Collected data
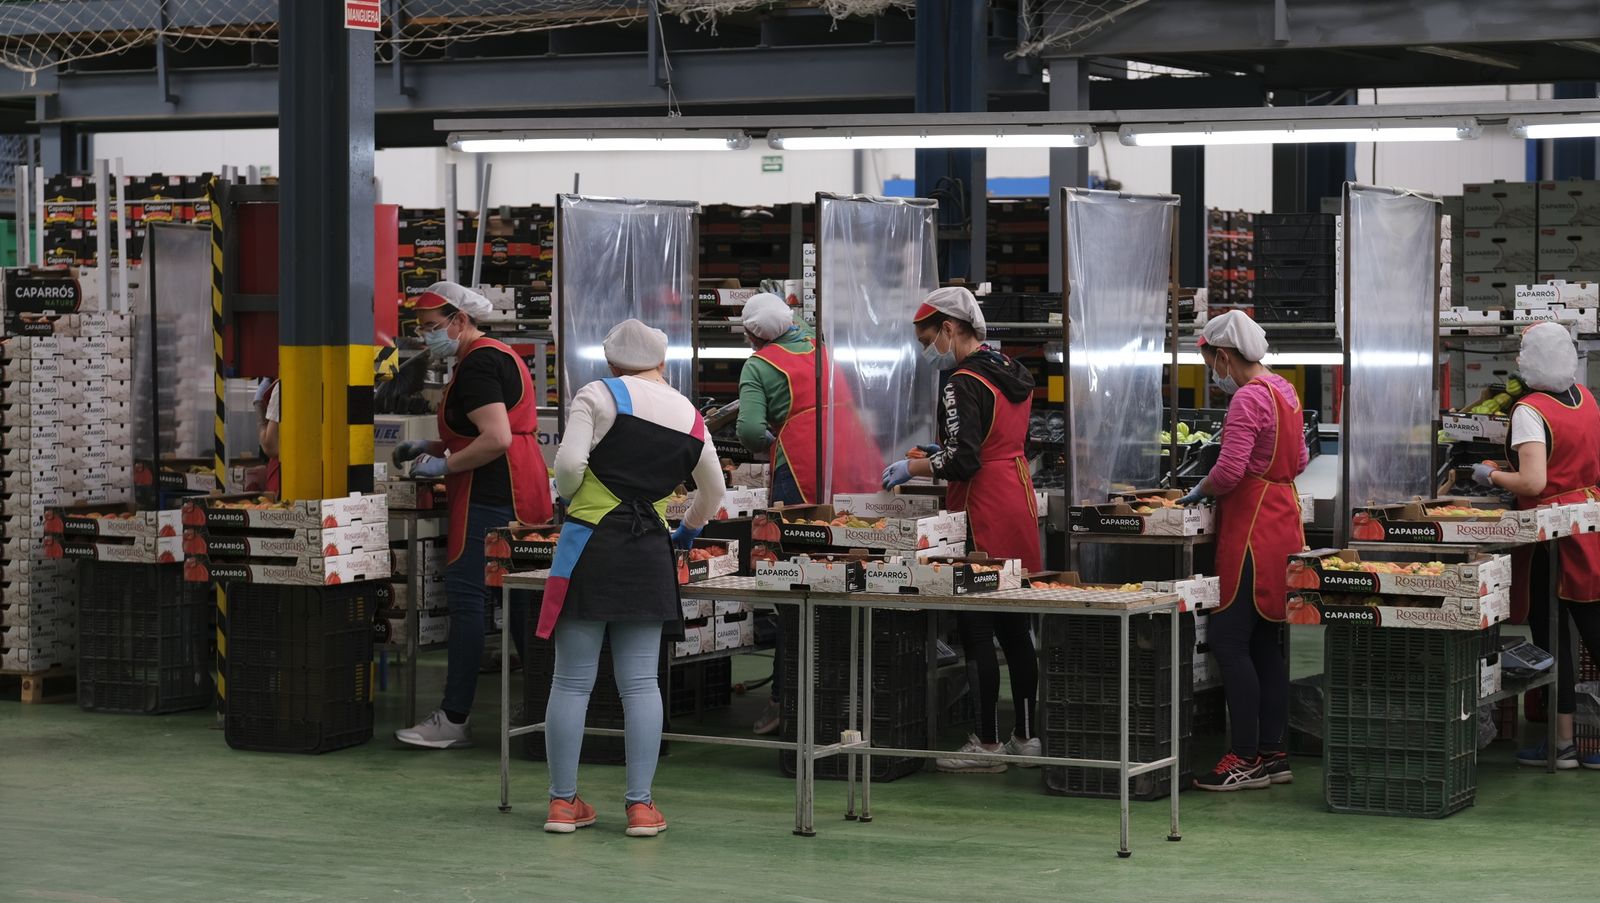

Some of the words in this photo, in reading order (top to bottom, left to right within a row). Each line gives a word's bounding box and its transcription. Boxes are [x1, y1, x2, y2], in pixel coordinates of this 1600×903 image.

[347, 8, 379, 23] MANGUERA
[415, 239, 445, 247] Caparrós
[15, 284, 74, 298] CAPARRÓS
[1444, 423, 1480, 431] CAPARRÓS
[715, 446, 748, 454] APARRÓS
[865, 502, 903, 512] Rosamary
[208, 513, 244, 521] CAPARRÓS
[65, 522, 95, 530] CAPARRÓS
[1100, 518, 1140, 526] CAPARRÓS
[784, 529, 826, 538] CAPARRÓS
[845, 529, 899, 543] Rosamary
[1388, 527, 1435, 536] CAPARRÓS
[1456, 525, 1518, 539] Rosamary
[209, 542, 245, 550] CAPARRÓS
[514, 546, 552, 554] CAPARRÓS
[64, 547, 94, 555] CAPARRÓS
[211, 569, 247, 577] CAPARRÓS
[757, 569, 799, 577] CAPARRÓS
[868, 570, 908, 579] CAPARRÓS
[973, 573, 998, 584] CAPARRÓS
[1324, 576, 1373, 586] CAPARRÓS
[1395, 575, 1458, 590] Rosamary
[1324, 611, 1374, 620] CAPARRÓS
[1396, 609, 1459, 624] Rosamary
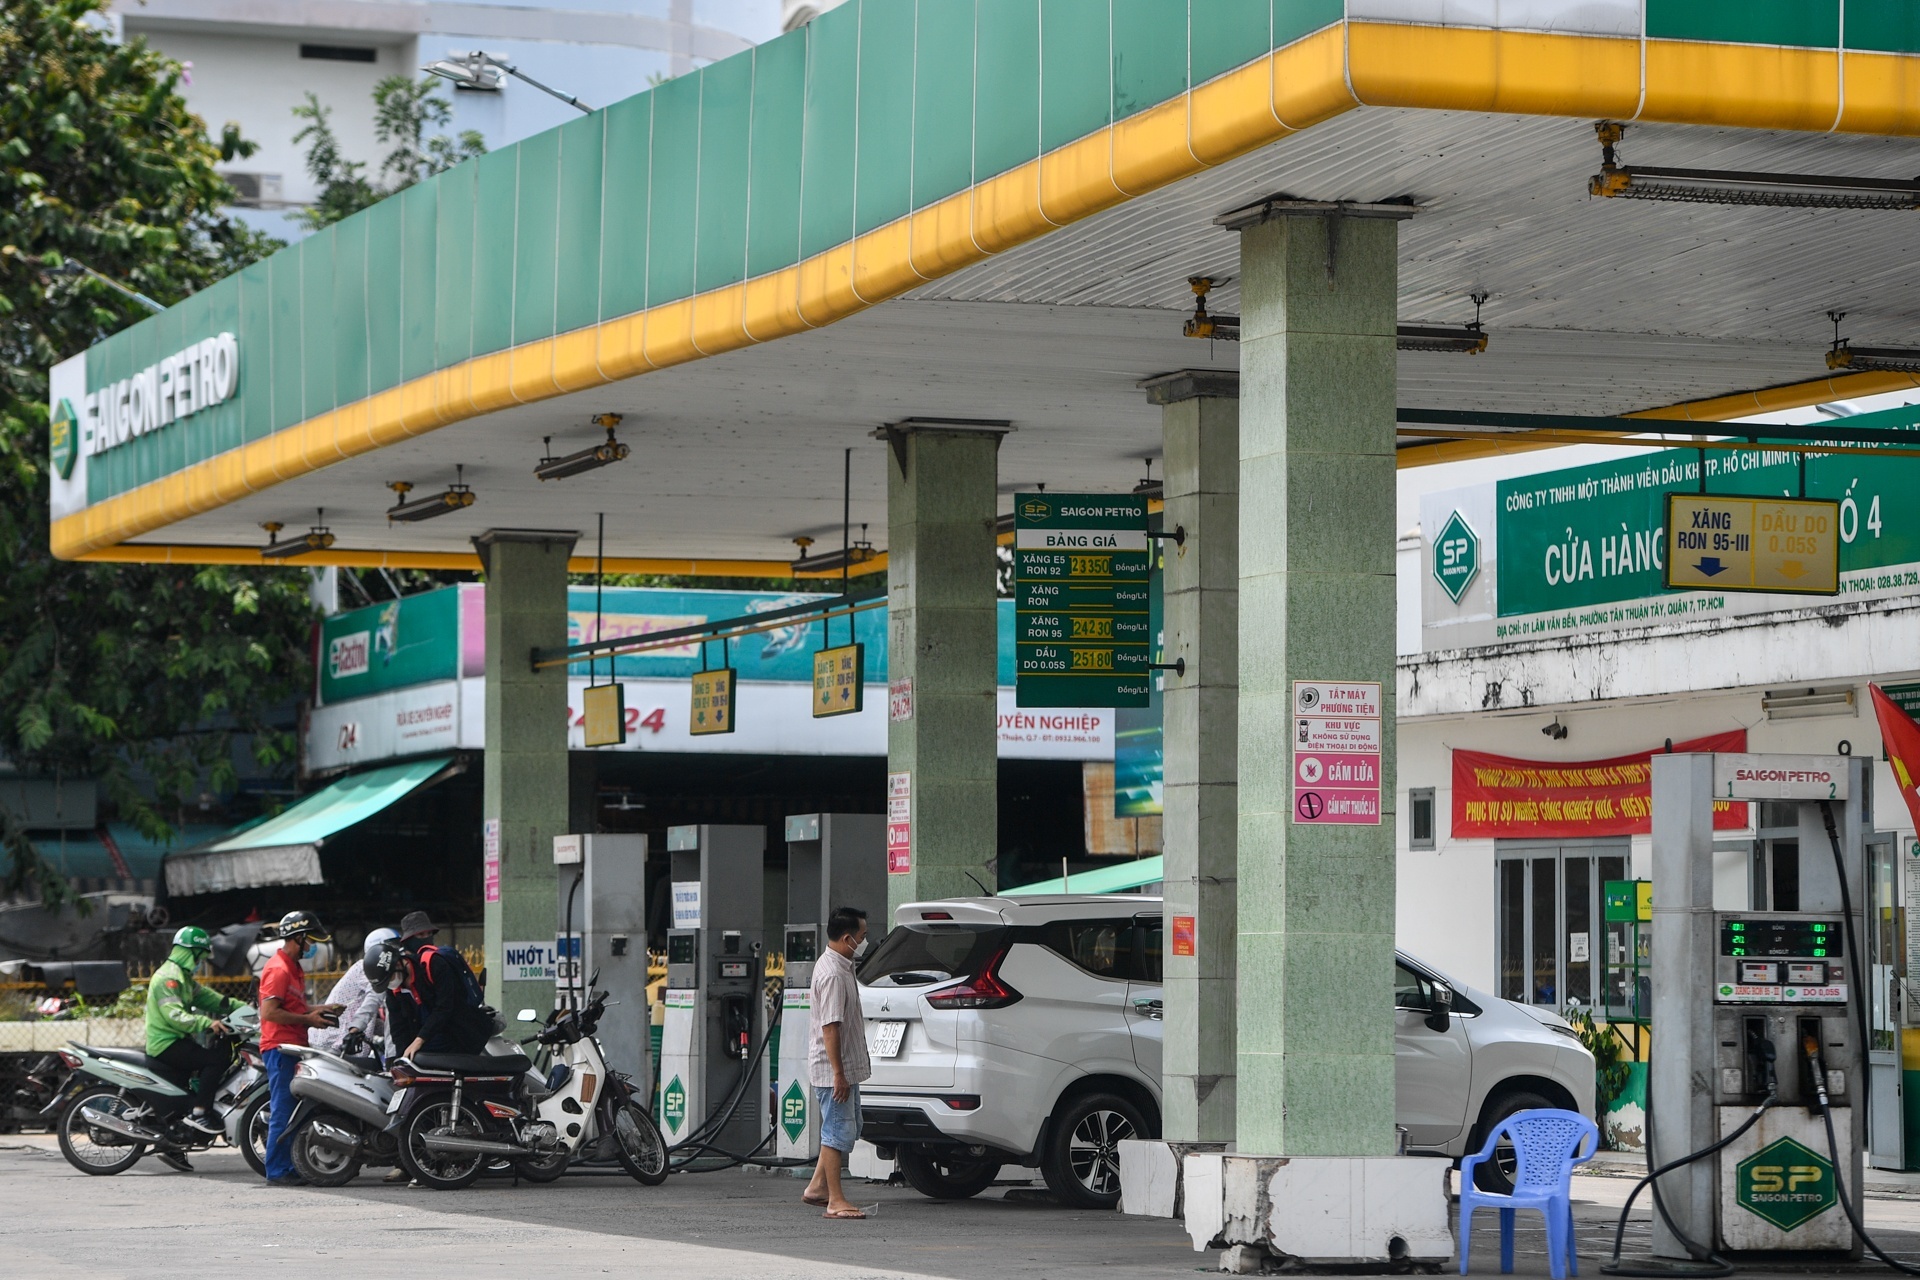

● **Task brief**: Set down the entries word for word, omitting all pictures.

● **Solution for this task**:
Some of the words in this photo, in reading order (top to bottom, left to right within a row). Each line gives a word's bounding box and its transcription. Boxes are [x1, y1, x2, y2], in pixel coordinates of this 1600×903 image.

[347, 8, 379, 23] MANGUERA
[415, 239, 445, 247] Caparrós
[15, 284, 74, 298] CAPARRÓS
[1444, 423, 1480, 431] CAPARRÓS
[715, 446, 748, 454] APARRÓS
[865, 502, 903, 512] Rosamary
[208, 513, 244, 521] CAPARRÓS
[65, 522, 95, 530] CAPARRÓS
[1100, 518, 1140, 526] CAPARRÓS
[784, 529, 826, 538] CAPARRÓS
[845, 529, 899, 543] Rosamary
[1388, 527, 1435, 536] CAPARRÓS
[1456, 525, 1518, 539] Rosamary
[209, 542, 245, 550] CAPARRÓS
[514, 546, 552, 554] CAPARRÓS
[64, 547, 94, 555] CAPARRÓS
[211, 569, 247, 577] CAPARRÓS
[757, 569, 799, 577] CAPARRÓS
[868, 570, 908, 579] CAPARRÓS
[973, 573, 998, 584] CAPARRÓS
[1324, 576, 1373, 586] CAPARRÓS
[1395, 575, 1458, 590] Rosamary
[1324, 611, 1374, 620] CAPARRÓS
[1396, 609, 1459, 624] Rosamary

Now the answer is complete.